In “What Is an Author?” (1969), Michel Foucault argues for a reinvestigation of the functions of authors and the modes of discourse in which they operate, alive or dead. While Foucault identifies the theme of a kinship between writing and death, in which writers become victims of their own making (an inversion of the Greek narrative or epic where writers would forestall their heroes’ death or send them into immortality), he is considerably less pessimistic than his French colleague Roland Barthes about the fate of an author. Foucault observes that even when an author perishes (in a physical sense), the “ownership” of his/her work is not really relinquished. In his example of Nietzsche, Foucault states that unpublished drafts, margins and notations, and a notebook of aphorisms from the German philosopher’s personal collection “can be extracted from the millions of traces left by an individual after his death.” (1969: 118-19). Foucault’s anecdote about finding Nietzsche’s lost artifacts implies that despite demise in flesh and blood, an author “reappears” through the creation of new discourses.

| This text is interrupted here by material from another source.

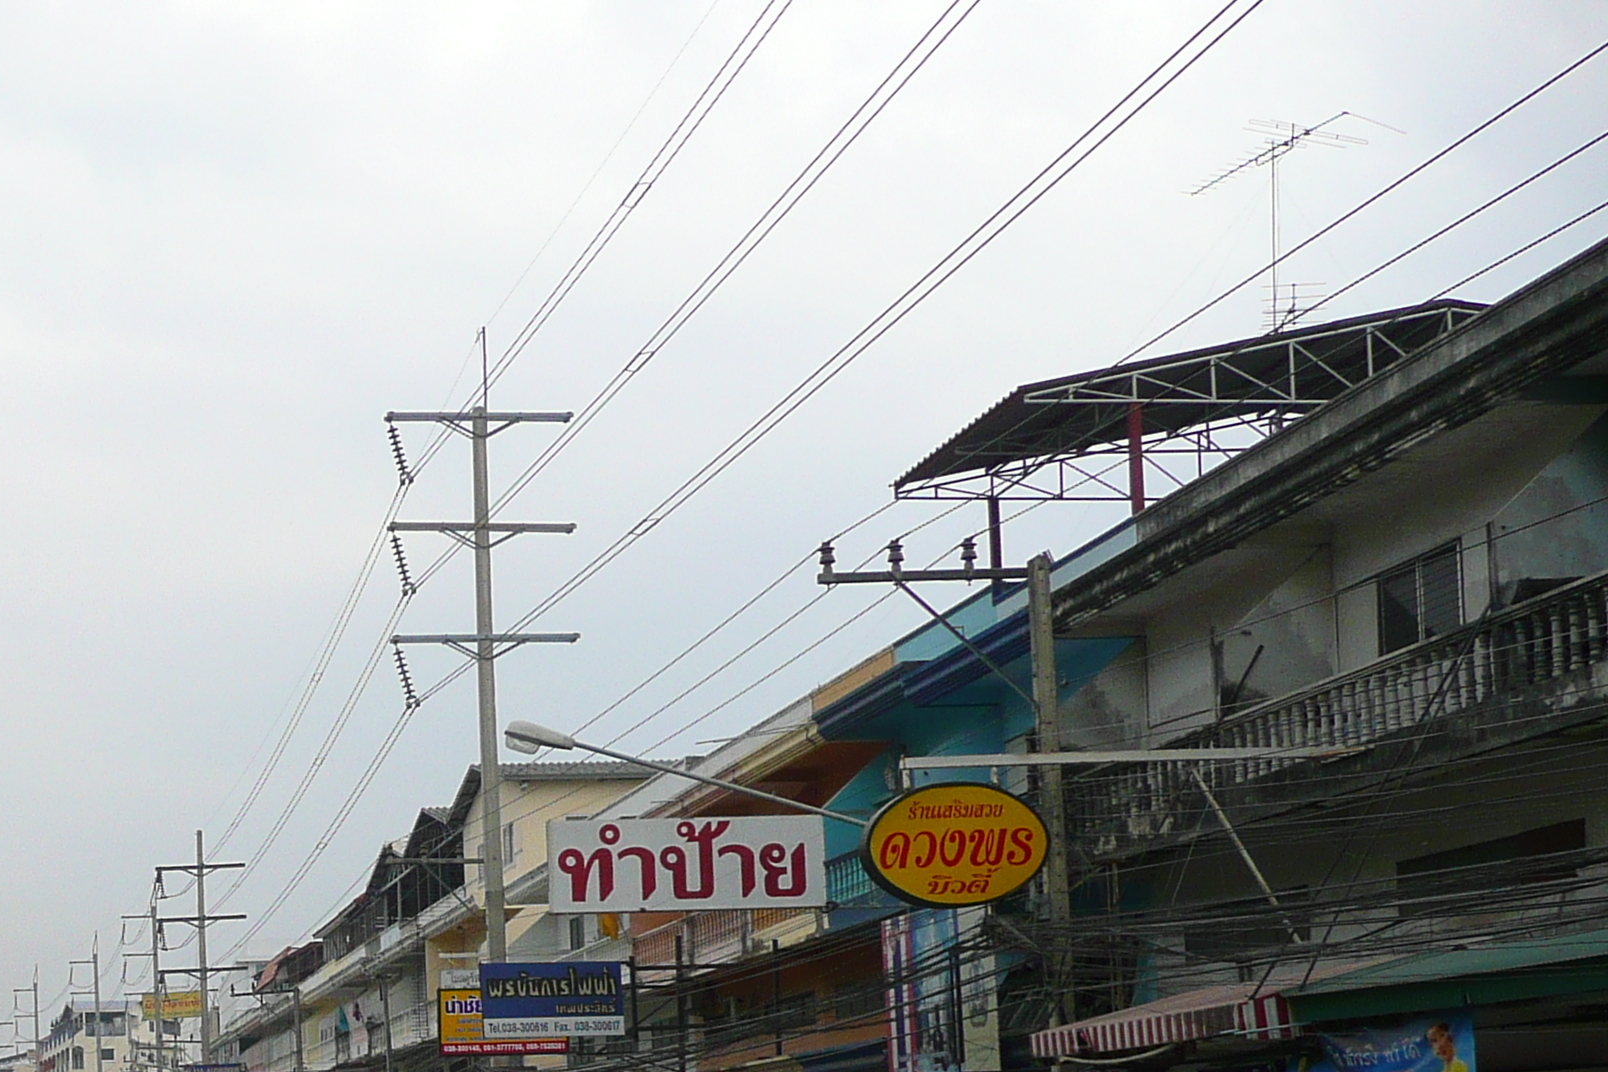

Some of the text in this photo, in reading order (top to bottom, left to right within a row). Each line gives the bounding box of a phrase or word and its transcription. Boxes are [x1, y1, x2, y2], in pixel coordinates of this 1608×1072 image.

Reestablishing the existence of an author is an intriguing notion that Foucault shares with Jacques Derrida. Specifically, Derrida’s idea of écriture (a double meaning for the act of writing and writing as its own entity) pertains most to Foucault when he is seeking a presence in an author’s absence: “we should reexamine the empty space left by the author’s disappearance; we should attentively observe, along its gaps and fault lines, its new demarcations, and the reapportionment of this void.” (1969: 121). In other words, Foucault is saying that however many fissures left the author’s space blank, there are nonetheless ways to reconstitute and reclassify an author’s discourse. In contrast to Barthes, Foucault asserts that an author preserves the unity of his/her work and is able to “neutralize the contradictions that are found in a series of texts.” (Foucault 1969: 128). (For Barthes, this would be left up to the reader.) Ultimately, Foucault goes in a different direction than Barthes by arguing for the resurrection of authors through the recovery of their work. For example, he asserts that authors of certain discourses must “return to the origin.” As Erika Mae Olbricht notes, what Foucault’s author function achieves that Barthes’s Death of the Author does not “is a description of ways of talking about the type of authorial discourse that has currency in textual criticism.” (1997: 73). What is important is “what the discourse of the ‘author’ accomplishes within the discipline, within the scope of its meaning. So the author is no longer dead—but is discursified: the author is given a certain function, a certain reason to exist in discourse.” (1997: 76).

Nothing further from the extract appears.